Copy out all the entries shown below, exactly as they appear.

Material provided:
[Start of section]
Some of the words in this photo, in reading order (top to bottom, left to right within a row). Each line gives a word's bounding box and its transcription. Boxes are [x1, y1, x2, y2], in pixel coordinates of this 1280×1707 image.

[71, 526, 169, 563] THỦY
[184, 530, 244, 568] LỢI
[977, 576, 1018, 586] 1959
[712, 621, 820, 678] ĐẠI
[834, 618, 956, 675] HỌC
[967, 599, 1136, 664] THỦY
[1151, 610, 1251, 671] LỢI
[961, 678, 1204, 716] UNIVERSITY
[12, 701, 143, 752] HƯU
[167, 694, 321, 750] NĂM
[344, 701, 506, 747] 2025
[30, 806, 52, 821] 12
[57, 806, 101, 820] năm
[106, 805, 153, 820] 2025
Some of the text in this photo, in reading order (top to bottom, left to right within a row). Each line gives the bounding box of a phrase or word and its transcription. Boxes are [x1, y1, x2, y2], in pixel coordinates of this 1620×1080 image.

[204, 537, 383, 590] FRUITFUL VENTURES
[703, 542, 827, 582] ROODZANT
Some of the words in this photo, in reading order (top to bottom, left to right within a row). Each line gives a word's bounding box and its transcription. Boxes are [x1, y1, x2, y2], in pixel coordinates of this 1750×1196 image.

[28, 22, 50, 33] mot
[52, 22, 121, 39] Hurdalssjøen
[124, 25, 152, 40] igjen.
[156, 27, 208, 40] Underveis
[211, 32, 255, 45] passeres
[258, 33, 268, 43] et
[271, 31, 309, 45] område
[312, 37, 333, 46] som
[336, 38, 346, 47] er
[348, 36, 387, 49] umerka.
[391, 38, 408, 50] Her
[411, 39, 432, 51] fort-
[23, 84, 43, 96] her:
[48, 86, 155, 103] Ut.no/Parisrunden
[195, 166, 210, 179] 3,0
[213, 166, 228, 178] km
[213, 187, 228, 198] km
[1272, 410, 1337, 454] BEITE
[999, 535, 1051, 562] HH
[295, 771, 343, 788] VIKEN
[End of section]
Answer below:
Some of the words in this photo, in reading order (top to bottom, left to right within a row). Each line gives a word's bounding box and its transcription. Boxes are [x1, y1, x2, y2], in pixel coordinates of this 1280×1707 image.

[71, 526, 169, 563] THỦY
[184, 530, 244, 568] LỢI
[977, 576, 1018, 586] 1959
[712, 621, 820, 678] ĐẠI
[834, 618, 956, 675] HỌC
[967, 599, 1136, 664] THỦY
[1151, 610, 1251, 671] LỢI
[961, 678, 1204, 716] UNIVERSITY
[12, 701, 143, 752] HƯU
[167, 694, 321, 750] NĂM
[344, 701, 506, 747] 2025
[30, 806, 52, 821] 12
[57, 806, 101, 820] năm
[106, 805, 153, 820] 2025
Some of the text in this photo, in reading order (top to bottom, left to right within a row). Each line gives the bounding box of a phrase or word and its transcription. Boxes are [x1, y1, x2, y2], in pixel coordinates of this 1620×1080 image.

[204, 537, 383, 590] FRUITFUL VENTURES
[703, 542, 827, 582] ROODZANT
Some of the words in this photo, in reading order (top to bottom, left to right within a row). Each line gives a word's bounding box and its transcription. Boxes are [x1, y1, x2, y2], in pixel coordinates of this 1750×1196 image.

[28, 22, 50, 33] mot
[52, 22, 121, 39] Hurdalssjøen
[124, 25, 152, 40] igjen.
[156, 27, 208, 40] Underveis
[211, 32, 255, 45] passeres
[258, 33, 268, 43] et
[271, 31, 309, 45] område
[312, 37, 333, 46] som
[336, 38, 346, 47] er
[348, 36, 387, 49] umerka.
[391, 38, 408, 50] Her
[411, 39, 432, 51] fort-
[23, 84, 43, 96] her:
[48, 86, 155, 103] Ut.no/Parisrunden
[195, 166, 210, 179] 3,0
[213, 166, 228, 178] km
[213, 187, 228, 198] km
[1272, 410, 1337, 454] BEITE
[999, 535, 1051, 562] HH
[295, 771, 343, 788] VIKEN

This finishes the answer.